Task details: When the line containing "this 1500×1000 image." is reached, copy it and each subsequent line of the material below exactly, through the last line.

□ □ □

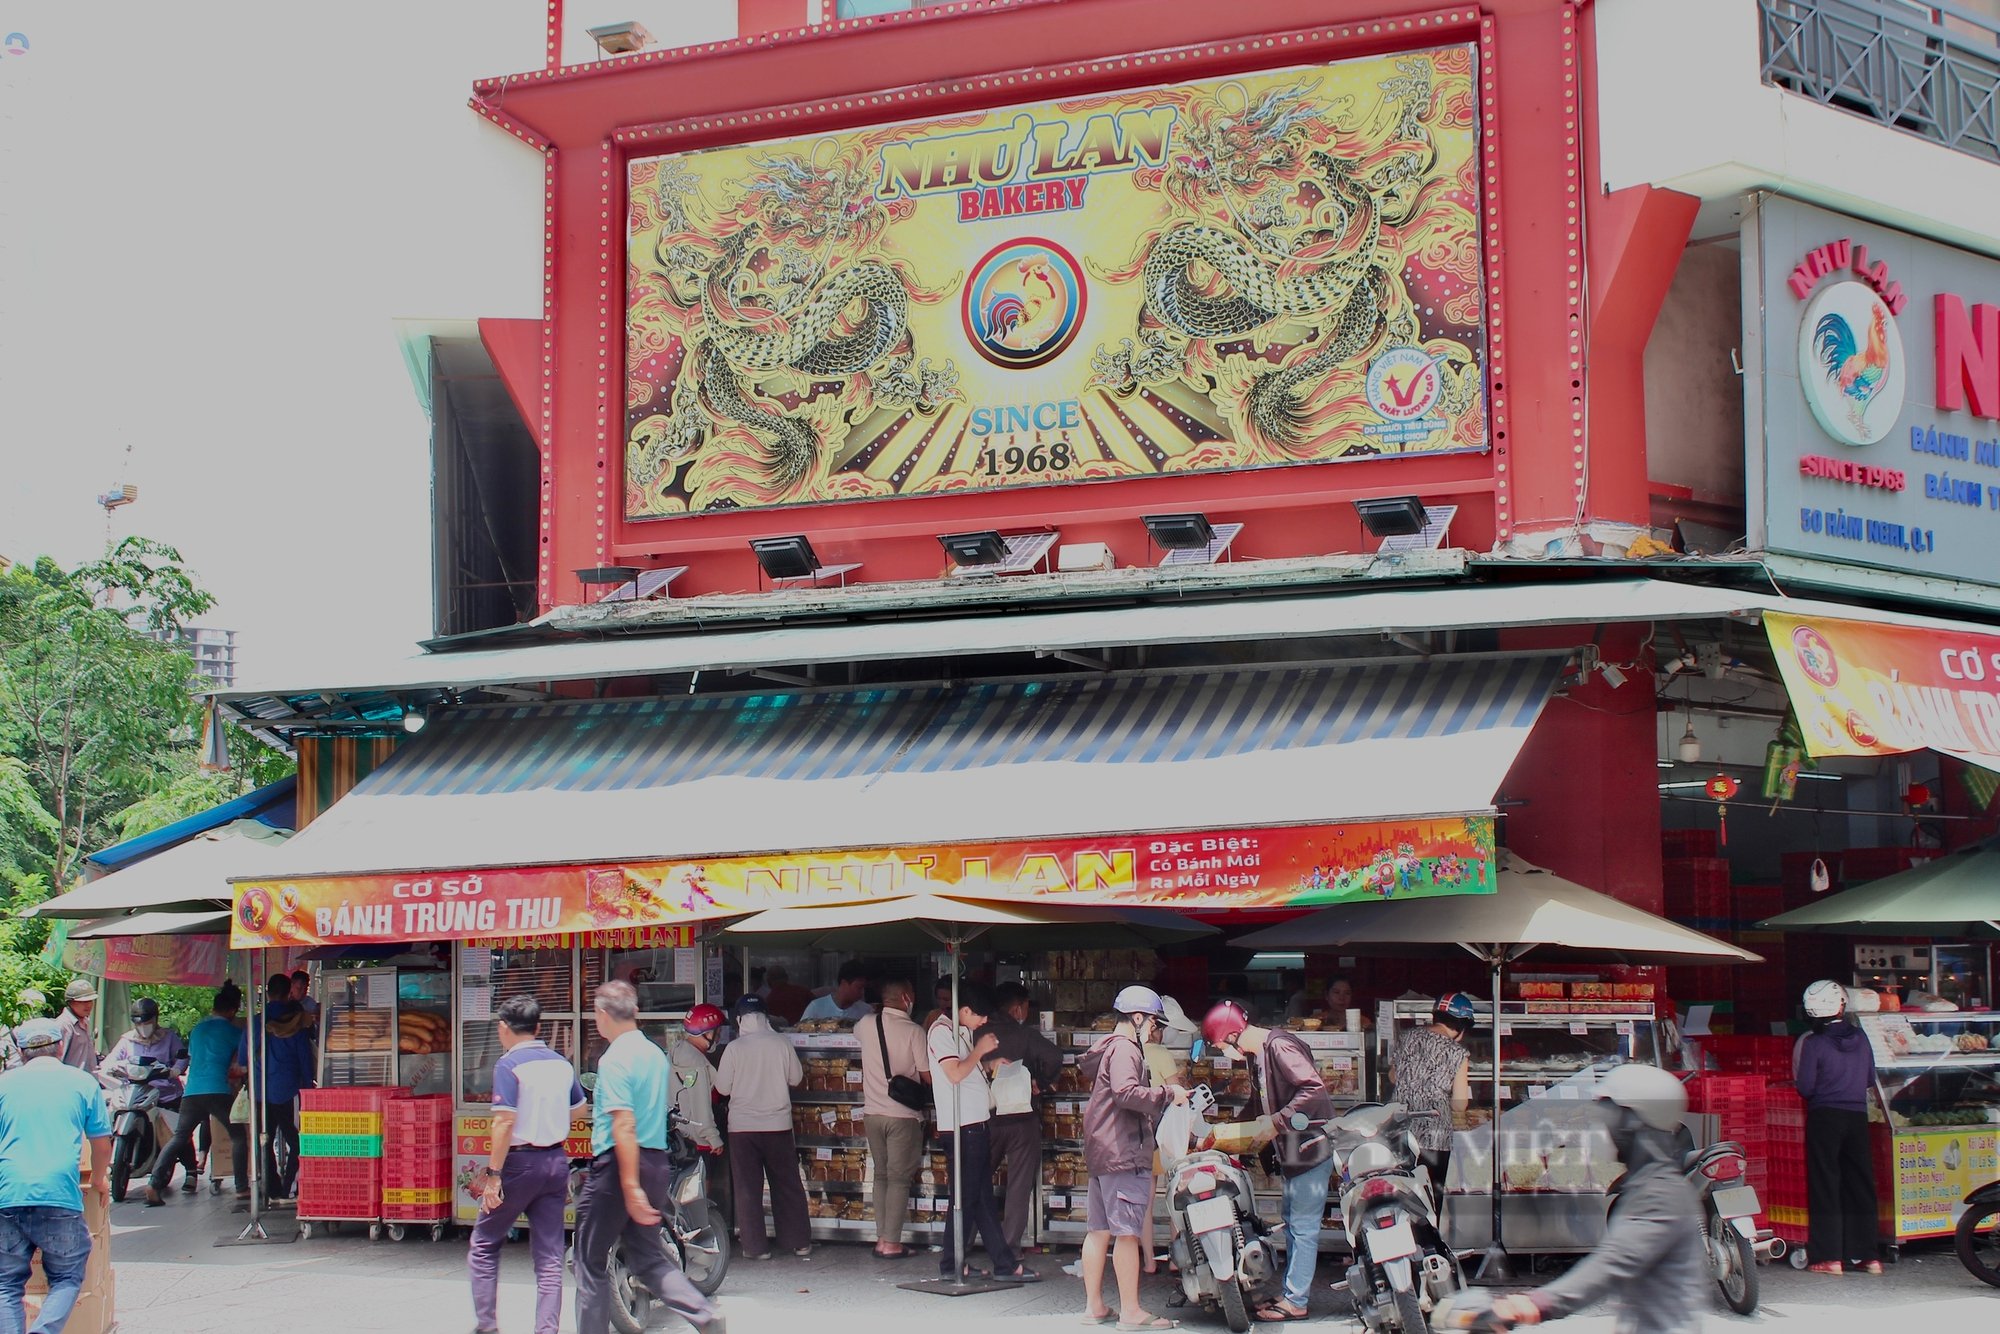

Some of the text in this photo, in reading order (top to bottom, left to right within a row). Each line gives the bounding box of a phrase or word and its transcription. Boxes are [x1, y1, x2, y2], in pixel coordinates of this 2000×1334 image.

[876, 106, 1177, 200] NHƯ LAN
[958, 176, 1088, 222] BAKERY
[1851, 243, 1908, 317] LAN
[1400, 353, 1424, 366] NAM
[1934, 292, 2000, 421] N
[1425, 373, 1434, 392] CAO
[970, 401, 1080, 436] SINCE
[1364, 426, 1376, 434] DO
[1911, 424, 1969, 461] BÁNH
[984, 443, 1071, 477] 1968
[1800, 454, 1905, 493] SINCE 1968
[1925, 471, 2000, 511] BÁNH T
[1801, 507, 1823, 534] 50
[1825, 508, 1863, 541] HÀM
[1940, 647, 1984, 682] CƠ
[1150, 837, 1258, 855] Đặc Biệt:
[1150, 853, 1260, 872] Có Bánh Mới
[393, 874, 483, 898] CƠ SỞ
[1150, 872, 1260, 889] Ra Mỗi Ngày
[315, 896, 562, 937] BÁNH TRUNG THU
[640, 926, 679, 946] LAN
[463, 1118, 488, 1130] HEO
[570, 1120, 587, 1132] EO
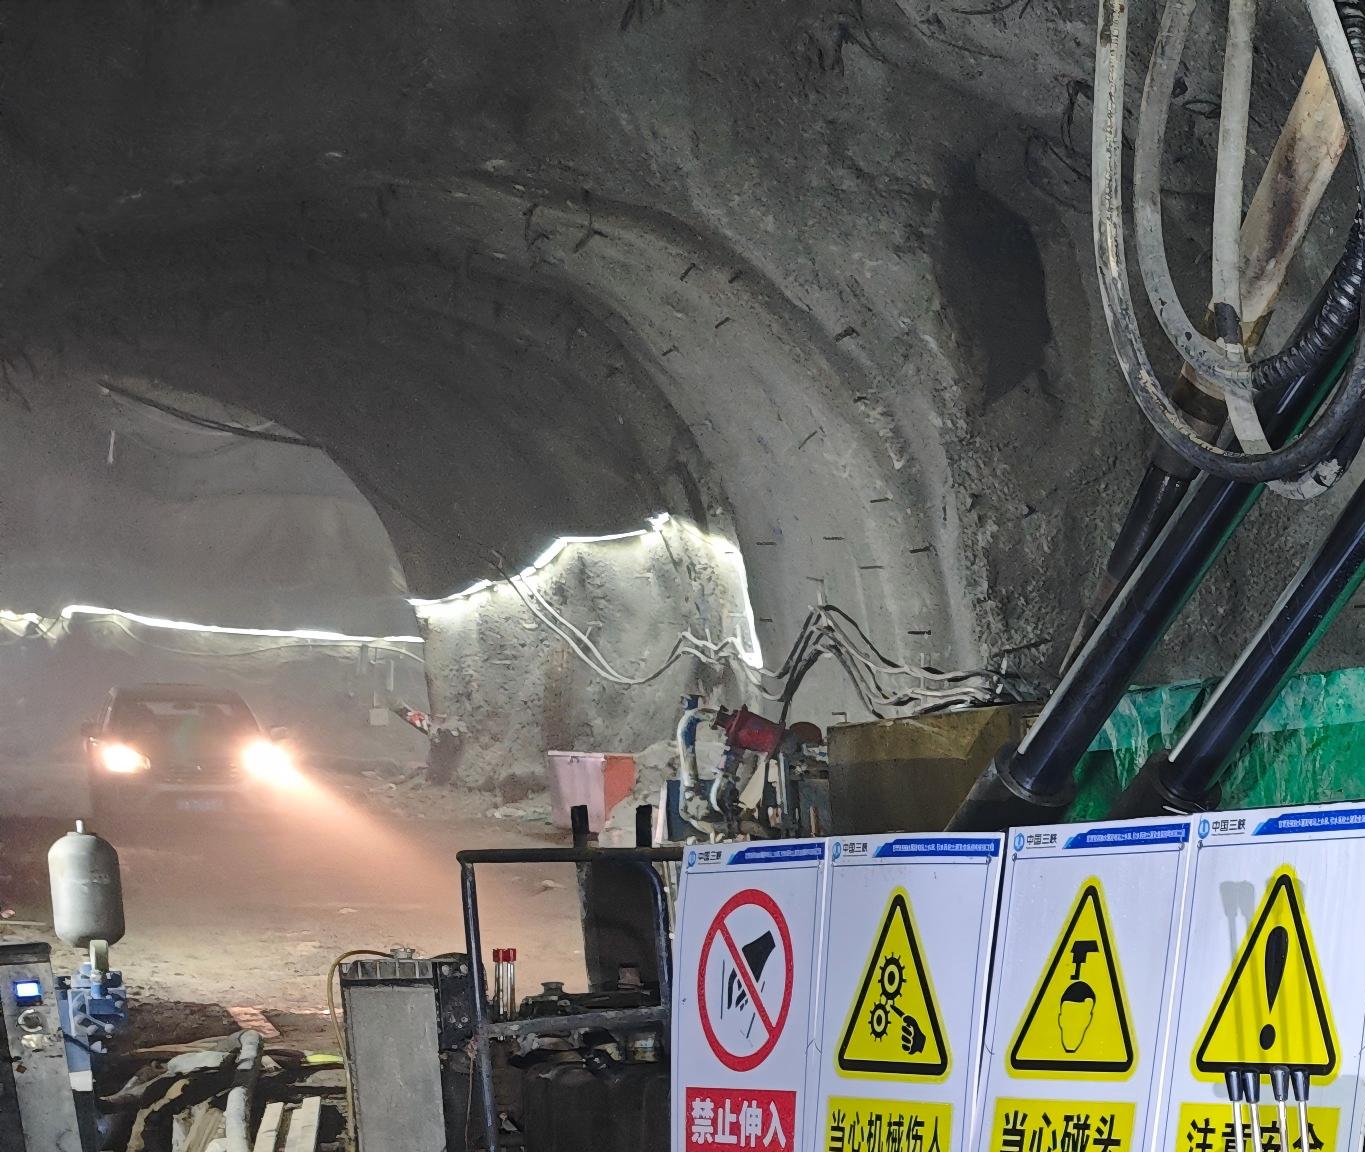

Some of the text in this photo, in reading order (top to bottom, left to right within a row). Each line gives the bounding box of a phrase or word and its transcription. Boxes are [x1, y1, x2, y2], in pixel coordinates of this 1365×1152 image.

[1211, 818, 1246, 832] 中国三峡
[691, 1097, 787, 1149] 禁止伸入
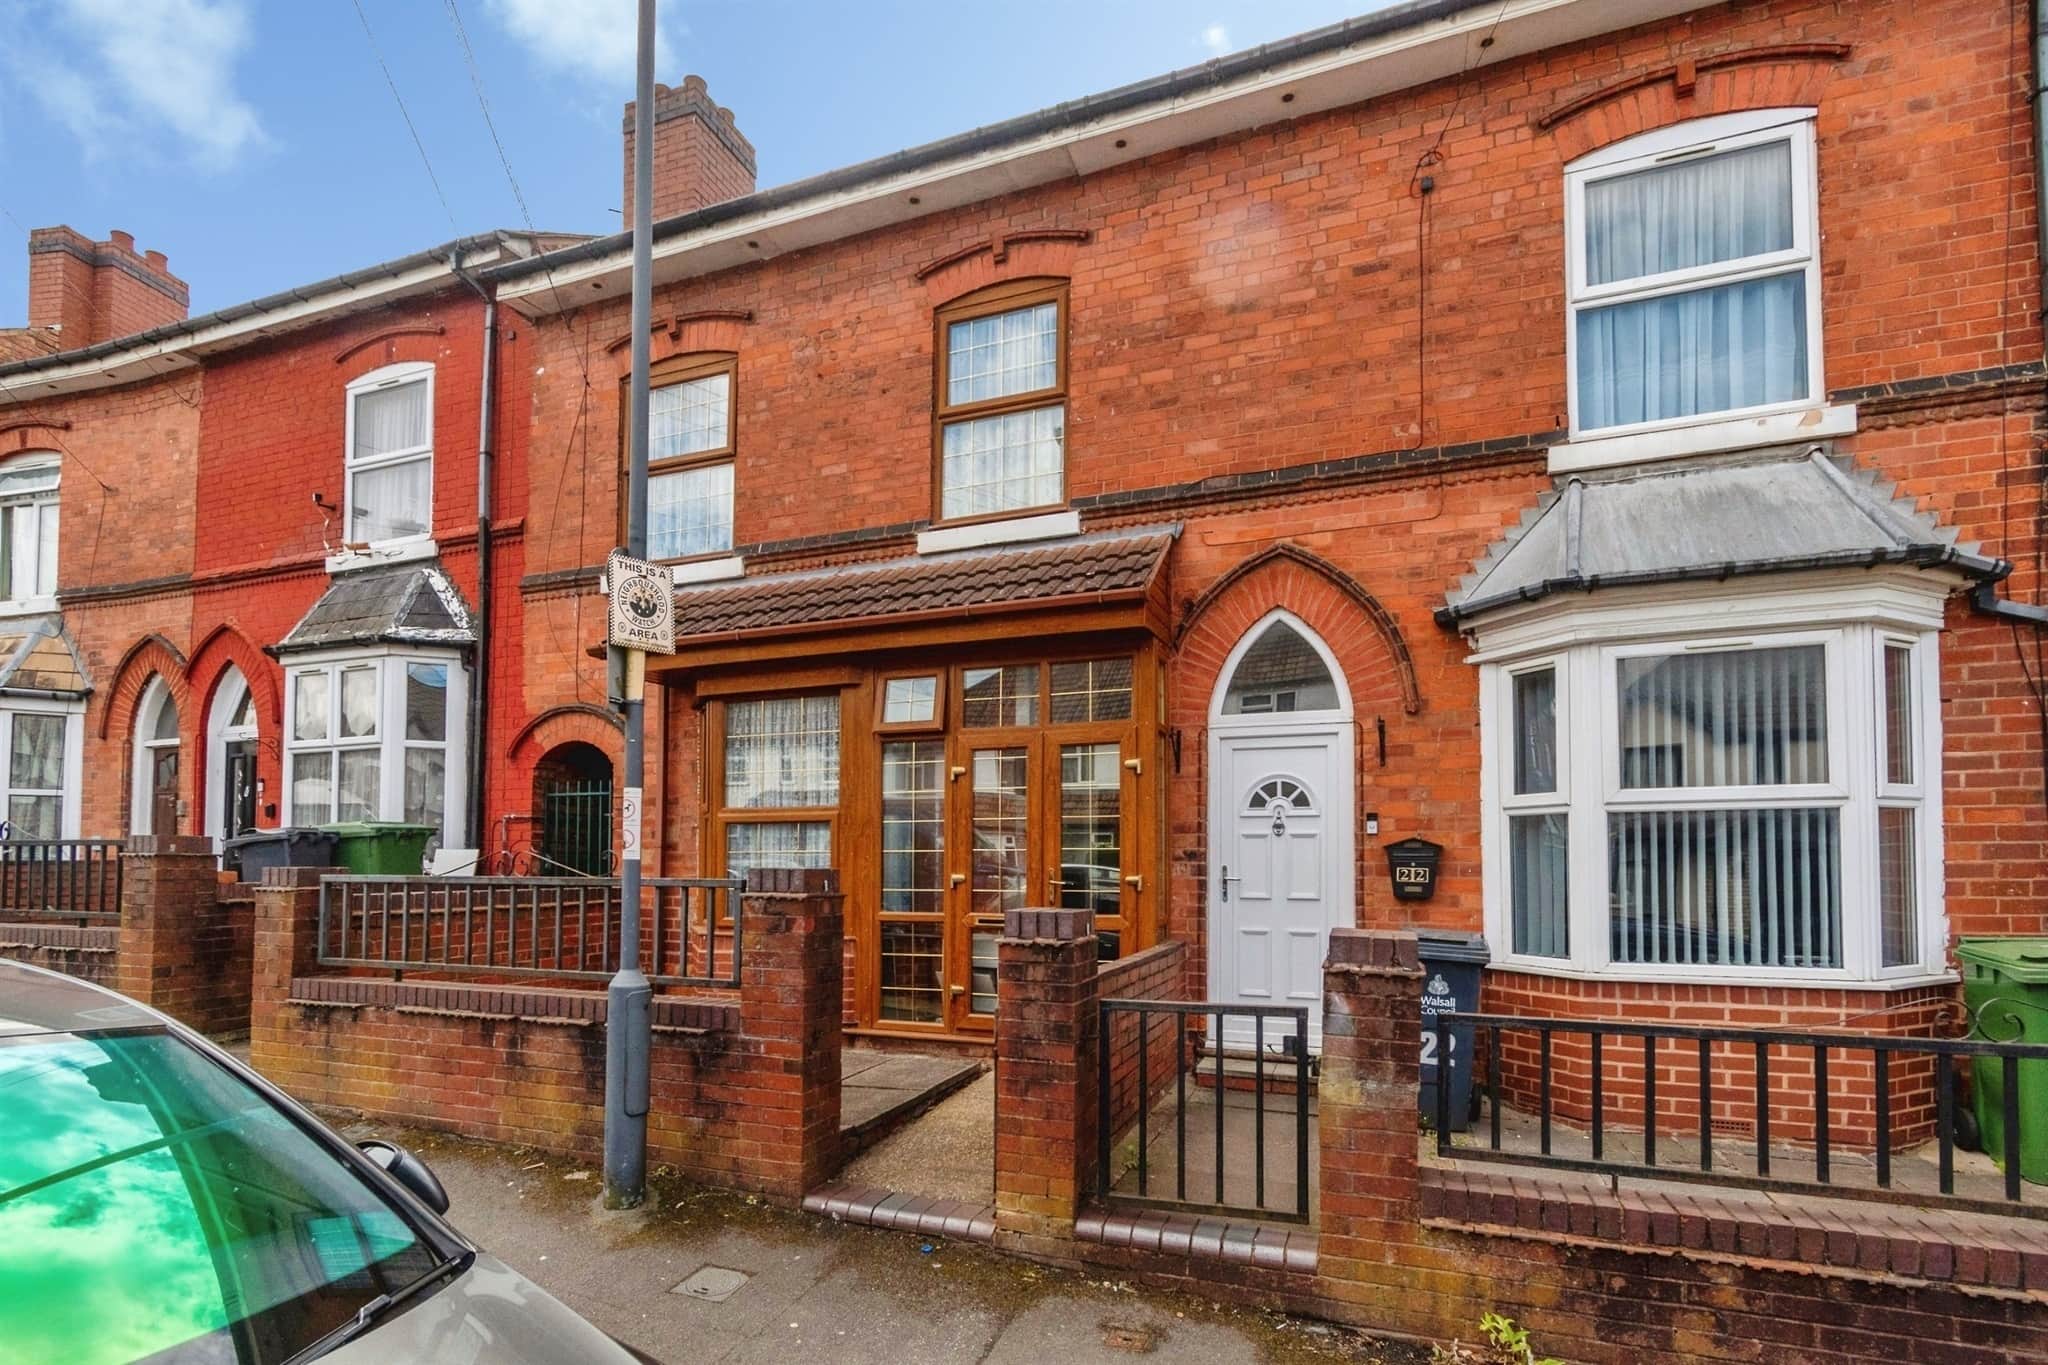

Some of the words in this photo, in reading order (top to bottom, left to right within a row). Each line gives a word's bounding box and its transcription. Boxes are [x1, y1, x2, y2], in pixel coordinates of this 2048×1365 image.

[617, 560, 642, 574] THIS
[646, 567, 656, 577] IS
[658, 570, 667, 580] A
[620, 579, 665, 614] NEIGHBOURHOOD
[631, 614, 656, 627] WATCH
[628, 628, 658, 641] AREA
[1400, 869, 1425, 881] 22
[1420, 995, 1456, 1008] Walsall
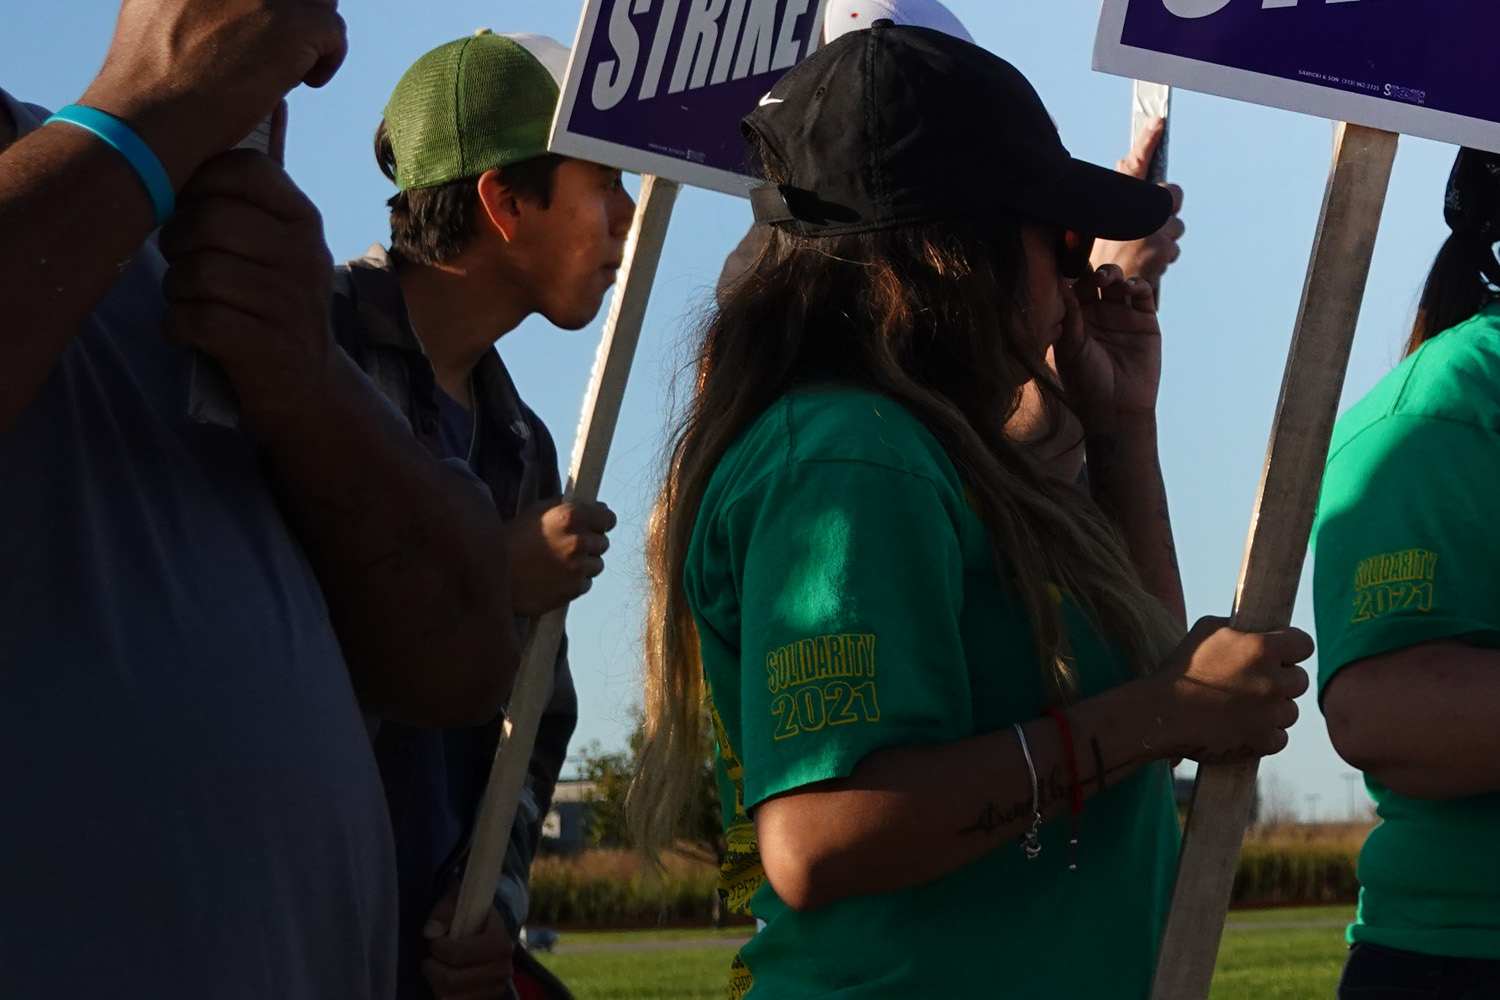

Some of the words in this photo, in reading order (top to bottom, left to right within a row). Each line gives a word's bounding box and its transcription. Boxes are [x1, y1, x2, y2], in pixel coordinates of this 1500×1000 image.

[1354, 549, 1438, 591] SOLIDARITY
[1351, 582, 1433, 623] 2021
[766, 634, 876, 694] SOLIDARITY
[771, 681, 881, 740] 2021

□ □ □

Task solution:
Some of the words in this photo, in reading order (top to bottom, left to right within a row). Each line gives a word's bounding box and its transcription. Boxes are [x1, y1, x2, y2], in pixel coordinates of this 1500×1000 image.

[1354, 549, 1438, 591] SOLIDARITY
[1351, 582, 1433, 623] 2021
[766, 634, 876, 694] SOLIDARITY
[771, 681, 881, 740] 2021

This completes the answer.